Keyrock became a defense and personal injury lawyer, and in a later sketch, a politician running for the Senate on the platform of reducing the capital gains tax. He was portrayed as a selfish, well-dressed attorney who repeatedly claimed to be a simple-minded caveman, and would employ simple folk wisdom to win his cases. He also enjoyed significant wealth, driving luxury cars like BMWs and Range Rovers, as well as owning a home on Martha's Vineyard.
"One hundred thousand years ago, a caveman was out hunting in the plains, when he slipped and fell into a crevasse, where he was frozen solid. In 1988, he was discovered by scientists and was thawed out. He then attended law school and became...The Unfrozen Caveman Lawyer!"
The scene would then be accompanied by a song, beginning "He used to be a caveman...," showing Keyrock in animal skins beating a club against his hand, "...but now he's a lawyer!" and showing Keyrock's clothes changing from animal skins to a suit, and his club replaced by hands gesturing to emphasize a point: "Unfrozen Caveman Lawyer!"
The running gag was that Keyrock would speak in a slick and smoothly self-assured manner—but with obviously feigned naiveté—to a jury or an audience about how things in the modern world supposedly "confuse and frighten" him. He often emphasized the latter phrase with air-quotes or a showy gesture, which underscored his obvious disingenuousness. He would then list several things that confounded him about modern life or the natural world, such as: "When I see a solar eclipse, like the one I went to last year in Hawaii, I think 'Oh no! Is the moon eating the sun?' I don't know. Because I'm a caveman -- that's the way I think." This pronouncement would seem ironic, coming from someone who had, for example, just ended a brisk cell phone conversation, or indeed attended law school. Keyrock would always finish a disquisition, however, by asserting in a burst of righteousness that nevertheless, "There is one thing I DO know...." That one thing would be that his client was either innocent, or was entitled to several million dollars or more in both compensatory and punitive damages for an injury. The jury or counsel is invariably swayed by Keyrock's argument, except every time the Judge announces the verdict in his favor, Keyrock is distracted by some other event like watching a Knicks game on his portable TV ("I'm sorry, Your Honor, I was distracted by the tiny people in this magic box"), or by a cell phone call, and the verdict has to be repeated.
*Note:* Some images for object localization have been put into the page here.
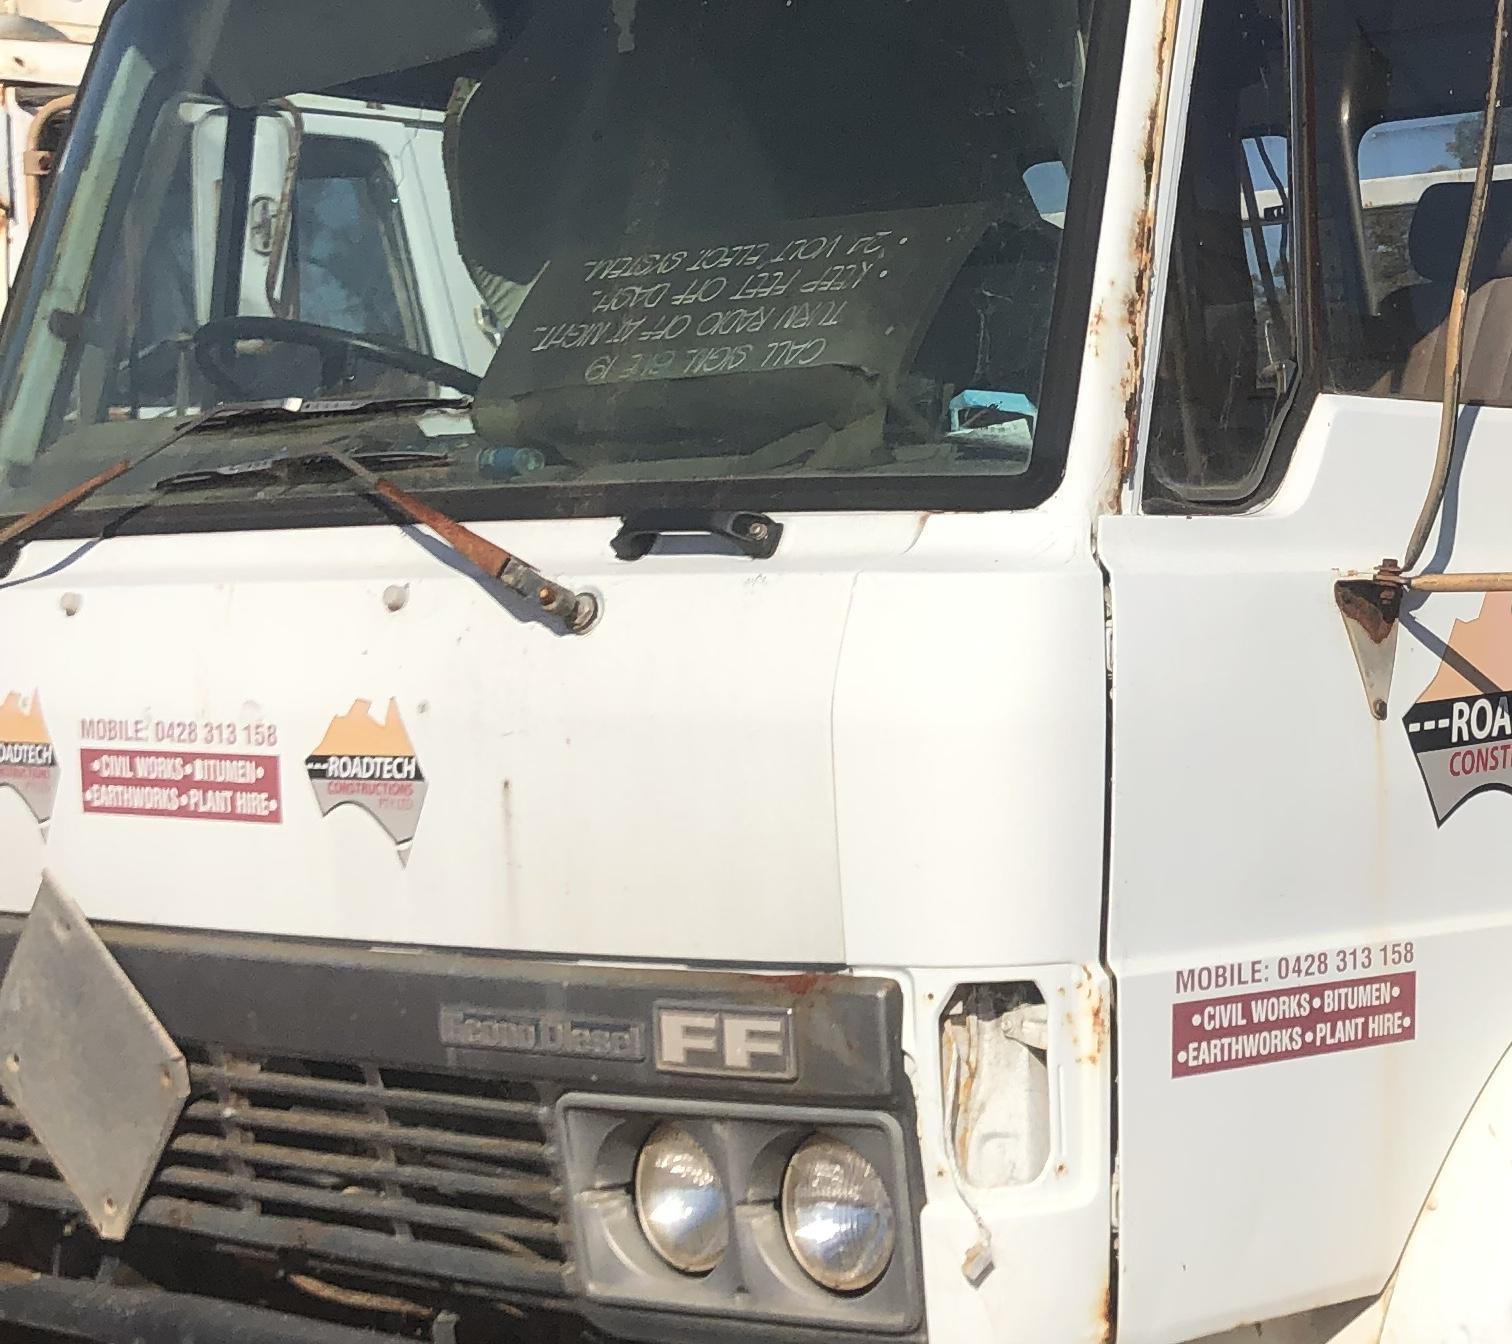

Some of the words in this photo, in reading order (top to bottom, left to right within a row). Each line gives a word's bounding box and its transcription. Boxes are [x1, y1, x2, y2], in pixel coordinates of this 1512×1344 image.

[770, 234, 843, 263] VOLT
[729, 268, 802, 300] FEET
[800, 260, 874, 293] KEEP
[671, 277, 727, 306] OFF
[605, 315, 648, 344] AT
[638, 314, 692, 341] OFF
[696, 306, 776, 337] RADIO
[773, 300, 848, 330] TURN
[760, 338, 827, 368] CALL
[584, 355, 618, 382] 19
[155, 720, 198, 744] 0428
[204, 722, 237, 745] 313
[243, 723, 278, 747] 158
[99, 754, 134, 778] CIVIL
[135, 756, 184, 781] WORKS
[327, 755, 416, 779] ROADTECH
[188, 788, 233, 813] PLANT
[235, 791, 270, 816] HIRE
[1175, 960, 1269, 994] MOBILE:
[1277, 952, 1328, 980] 0428
[1336, 946, 1373, 973] 313
[1379, 941, 1415, 966] 158
[1203, 1003, 1247, 1031] CIVIL
[1250, 993, 1311, 1024] WORKS
[1323, 981, 1392, 1013] BITUMEN
[658, 1009, 784, 1069] FF
[1188, 1027, 1303, 1067] EARTHWORKS
[1316, 1019, 1365, 1046] PLANT
[1368, 1012, 1403, 1038] HIRE
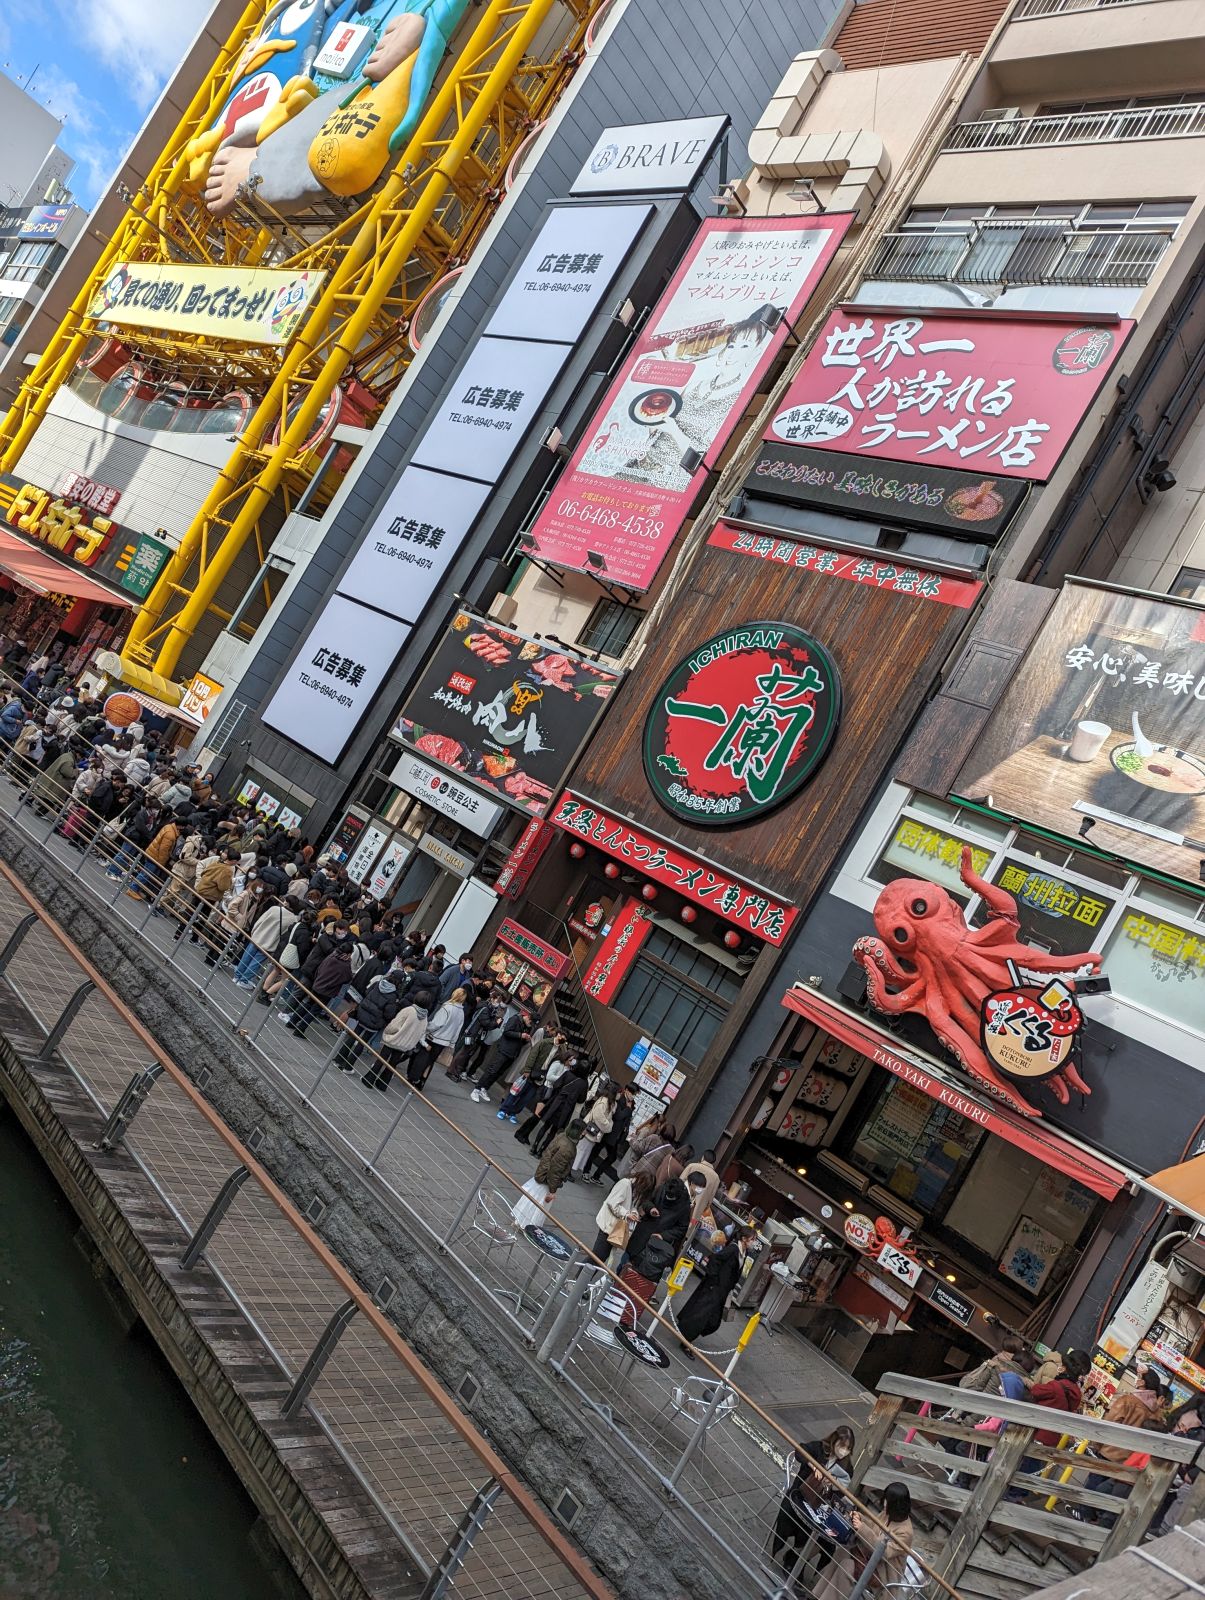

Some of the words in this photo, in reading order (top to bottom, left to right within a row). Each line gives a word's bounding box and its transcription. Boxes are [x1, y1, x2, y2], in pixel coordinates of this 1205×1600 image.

[616, 139, 706, 169] BRAVE
[536, 253, 604, 274] 広告募集
[705, 252, 803, 269] マダムシンコ
[522, 281, 592, 293] TEL:06-6940-4974
[688, 283, 785, 301] マダムブリュレ
[695, 271, 793, 282] マダムシンコといえば、
[822, 317, 976, 371] 世界一
[1057, 332, 1111, 368] 一蘭
[461, 385, 525, 412] 広告募集
[826, 368, 1016, 416] 人が訪れる
[448, 412, 513, 432] TEL:06-6940-4974
[775, 404, 851, 432] 一蘭全店舗中
[786, 423, 828, 441] 世界一
[855, 412, 1051, 469] ラーメン店
[387, 515, 446, 550] 広告募集
[557, 499, 664, 540] 06-6468-4538
[374, 541, 433, 570] TEL:06-6940-4974
[311, 647, 368, 688] 広告募集
[688, 630, 783, 675] ICHIRAN
[298, 671, 354, 709] TEL:06-6940-4974
[429, 686, 473, 715] 和牛焼肉
[665, 663, 825, 804] 一蘭
[414, 786, 441, 806] COSMETIC
[441, 802, 459, 817] STORE
[667, 782, 742, 814] 昭和35年創業
[555, 800, 786, 940] 天然とんこつラーメン専門店
[998, 865, 1107, 927] 蘭州拉面
[1002, 1008, 1053, 1052] くくる
[999, 1049, 1031, 1069] KUKURU
[872, 1048, 932, 1090] TAKO-YAKI
[938, 1088, 990, 1125] KUKURU
[889, 1252, 911, 1275] くくる
The scenes would usually end with a small "outro" scene of "a sneak peek at the next episode" showing Keyrock making arguments. One such scene diverted from the usual "caveman argument" when a tipsy Keyrock was aboard a plane, being told by a stewardess that the chief steward has declared no more Dewar's and water would be served to Keyrock. The stewardess in that episode was not persuaded by Keyrock's whining that "I'm just a caveman" and that he is "frightened by the flying machine," and continued her duties. An enraged Keyrock then roared "Listen up, I will sue you and your whole crummy airline!" What happened afterward remained to be seen, but it was one of the few cases Keyrock did not have his way.
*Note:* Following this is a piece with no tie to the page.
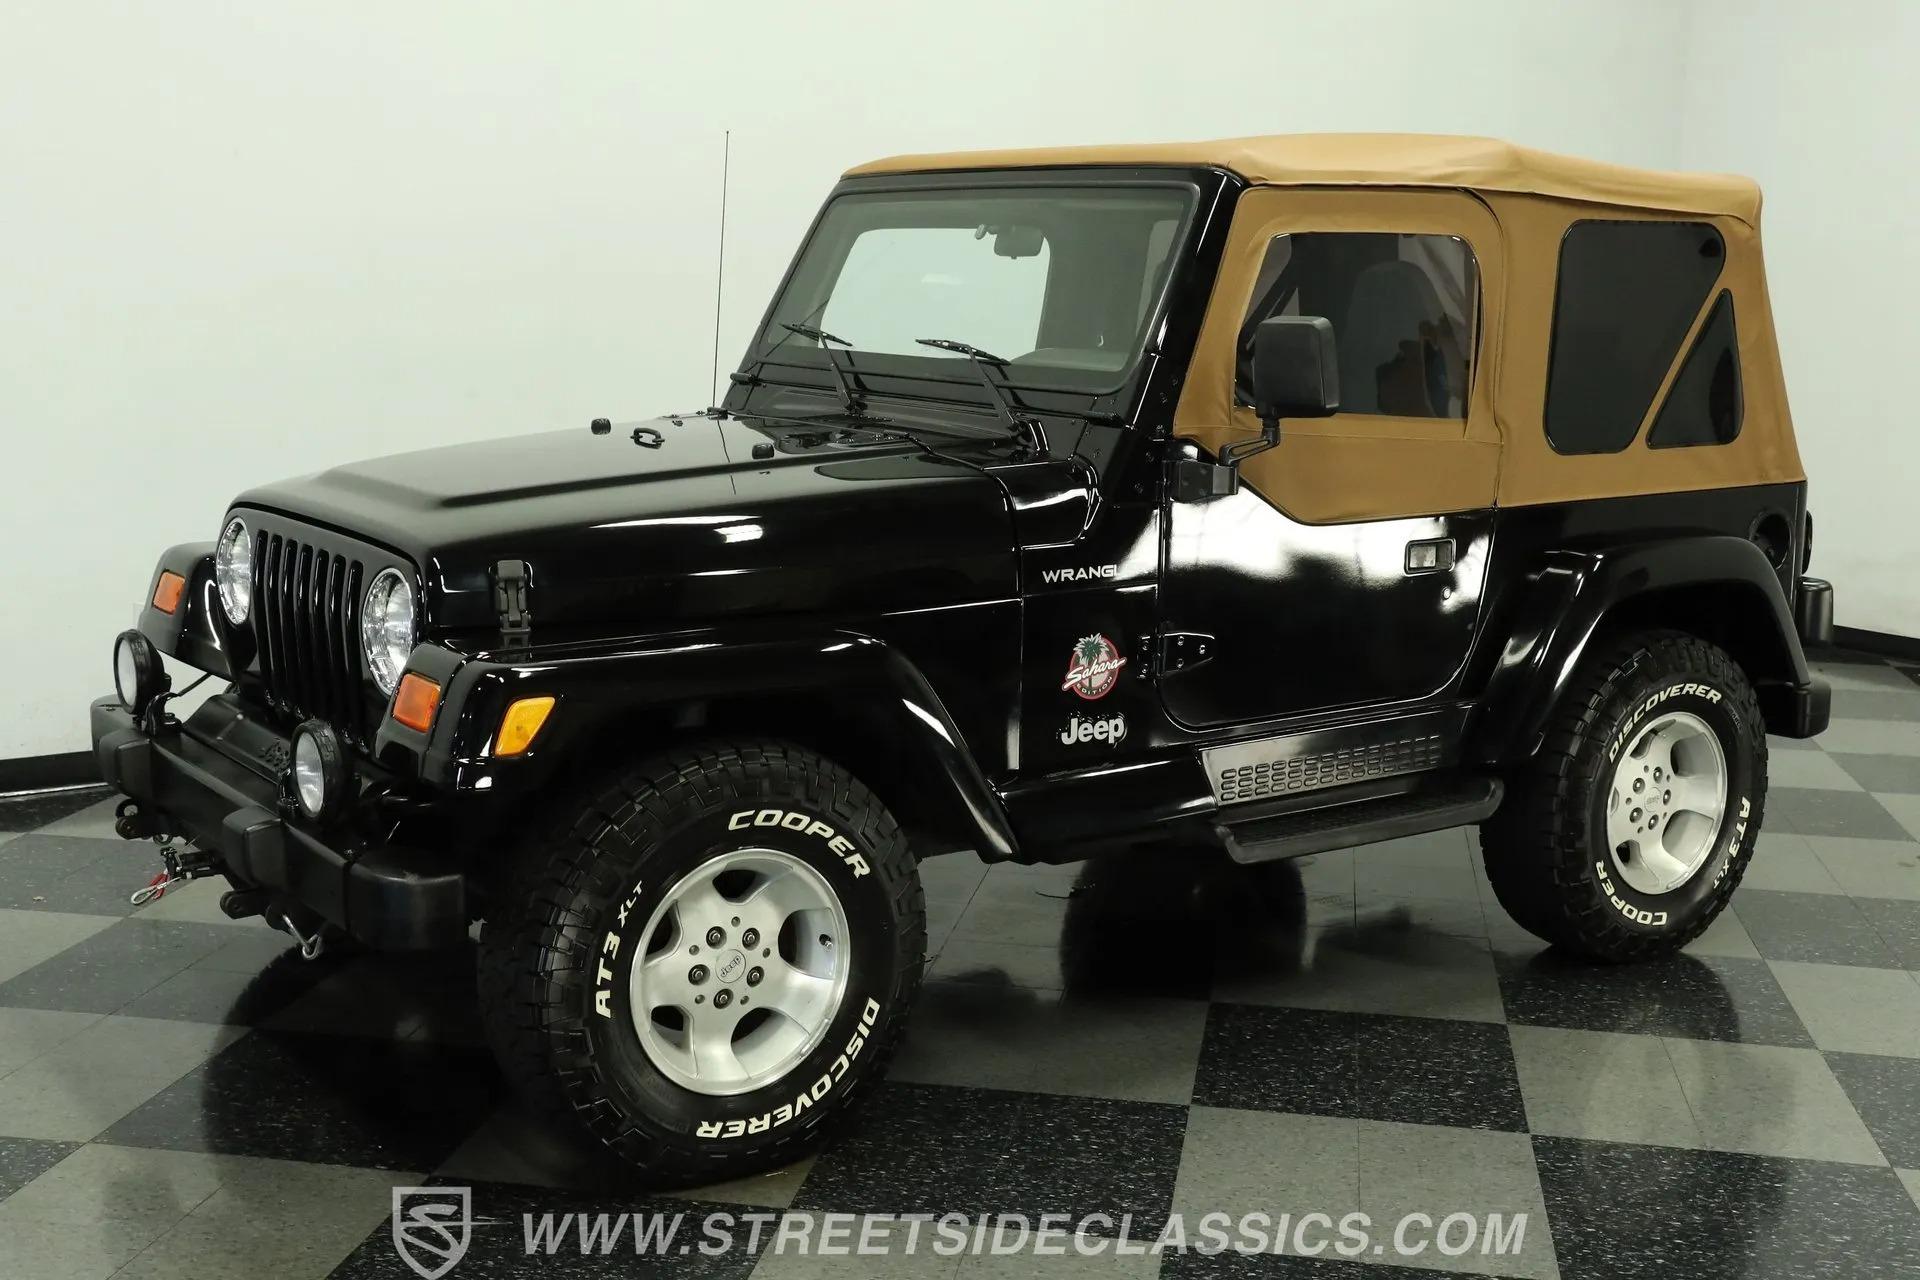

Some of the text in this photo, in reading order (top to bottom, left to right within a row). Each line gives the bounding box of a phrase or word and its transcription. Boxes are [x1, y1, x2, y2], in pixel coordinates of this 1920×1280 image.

Like many Saturday Night Live sketches at that time, "Unfrozen Caveman Lawyer" was presented as a parody of a television show. During the opening and closing of the "show," the announcer would list some of the "show's" highly unusual sponsors, such as "Big Fat Bean" ("Why eat a lot of little beans when you can eat one big bean?"); "Gas Plus" ("Actually gives you gas, for those times when you feel like being the joker!"); "Dog Assassin" ("When you can't bear to put him to sleep, maybe it's time to call Dog Assassin"); "Cubic Yard of Earthworms" ("What you do with it is your business"); "Wilson Ear Drill" ("We don't recommend that you use an ear drill, but if you insist, why not get the best!") and the popular Happy Fun Ball ("still legal in 16 states — it's happy, it's fun, it's Happy Fun Ball!").
The sketch was a parody of the "simple country boy beats city slicker" genre, such as then-popular series Matlock in which an older, "country-boy" type Southern lawyer bamboozled "big city" or "sophisticated" lawyers. Unfrozen Caveman Lawyer upended the form by replacing the humble hero with a craven yuppie.
The full list of Unfrozen Caveman Lawyer "sponsors" include:
- Lawn Destroyer - when you don't even care anymore.
- Cubic Yard of Earthworms - what you do with it is your business.
- Wilson Ear Drill - we don't recommend that you use an ear drill, but if you insist, why not get the best!
- Gas Plus - actually gives you gas, for those times when you feel like being the joker.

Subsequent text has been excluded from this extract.